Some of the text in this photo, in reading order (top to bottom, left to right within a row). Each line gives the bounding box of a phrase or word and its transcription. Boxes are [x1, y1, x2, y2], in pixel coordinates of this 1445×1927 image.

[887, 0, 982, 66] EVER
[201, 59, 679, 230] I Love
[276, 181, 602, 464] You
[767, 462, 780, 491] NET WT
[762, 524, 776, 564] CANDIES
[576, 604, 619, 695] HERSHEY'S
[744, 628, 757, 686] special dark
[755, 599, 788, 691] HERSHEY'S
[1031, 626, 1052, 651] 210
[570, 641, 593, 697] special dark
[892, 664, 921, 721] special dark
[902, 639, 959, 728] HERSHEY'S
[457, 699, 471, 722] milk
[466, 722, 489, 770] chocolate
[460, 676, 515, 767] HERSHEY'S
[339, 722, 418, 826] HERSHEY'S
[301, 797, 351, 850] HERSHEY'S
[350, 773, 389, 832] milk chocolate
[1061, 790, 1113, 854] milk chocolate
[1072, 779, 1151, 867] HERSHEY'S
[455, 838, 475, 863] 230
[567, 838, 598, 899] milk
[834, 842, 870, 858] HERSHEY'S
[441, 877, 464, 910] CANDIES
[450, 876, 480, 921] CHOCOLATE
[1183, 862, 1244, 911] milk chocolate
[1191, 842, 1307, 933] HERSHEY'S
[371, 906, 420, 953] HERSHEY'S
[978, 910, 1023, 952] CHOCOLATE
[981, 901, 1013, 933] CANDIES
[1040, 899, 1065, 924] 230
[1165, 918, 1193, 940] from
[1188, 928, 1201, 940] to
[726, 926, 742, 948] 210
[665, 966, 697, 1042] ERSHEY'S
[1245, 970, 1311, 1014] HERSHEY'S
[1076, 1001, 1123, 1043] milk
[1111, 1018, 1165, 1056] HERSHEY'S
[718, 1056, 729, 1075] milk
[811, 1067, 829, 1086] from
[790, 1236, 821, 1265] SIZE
————
* **Exercise requirements**: Return the material exactly as it was provided.

* **Response**:
Some of the text in this photo, in reading order (top to bottom, left to right within a row). Each line gives the bounding box of a phrase or word and its transcription. Boxes are [x1, y1, x2, y2], in pixel coordinates of this 1445×1927 image.

[887, 0, 982, 66] EVER
[201, 59, 679, 230] I Love
[276, 181, 602, 464] You
[767, 462, 780, 491] NET WT
[762, 524, 776, 564] CANDIES
[576, 604, 619, 695] HERSHEY'S
[744, 628, 757, 686] special dark
[755, 599, 788, 691] HERSHEY'S
[1031, 626, 1052, 651] 210
[570, 641, 593, 697] special dark
[892, 664, 921, 721] special dark
[902, 639, 959, 728] HERSHEY'S
[457, 699, 471, 722] milk
[466, 722, 489, 770] chocolate
[460, 676, 515, 767] HERSHEY'S
[339, 722, 418, 826] HERSHEY'S
[301, 797, 351, 850] HERSHEY'S
[350, 773, 389, 832] milk chocolate
[1061, 790, 1113, 854] milk chocolate
[1072, 779, 1151, 867] HERSHEY'S
[455, 838, 475, 863] 230
[567, 838, 598, 899] milk
[834, 842, 870, 858] HERSHEY'S
[441, 877, 464, 910] CANDIES
[450, 876, 480, 921] CHOCOLATE
[1183, 862, 1244, 911] milk chocolate
[1191, 842, 1307, 933] HERSHEY'S
[371, 906, 420, 953] HERSHEY'S
[978, 910, 1023, 952] CHOCOLATE
[981, 901, 1013, 933] CANDIES
[1040, 899, 1065, 924] 230
[1165, 918, 1193, 940] from
[1188, 928, 1201, 940] to
[726, 926, 742, 948] 210
[665, 966, 697, 1042] ERSHEY'S
[1245, 970, 1311, 1014] HERSHEY'S
[1076, 1001, 1123, 1043] milk
[1111, 1018, 1165, 1056] HERSHEY'S
[718, 1056, 729, 1075] milk
[811, 1067, 829, 1086] from
[790, 1236, 821, 1265] SIZE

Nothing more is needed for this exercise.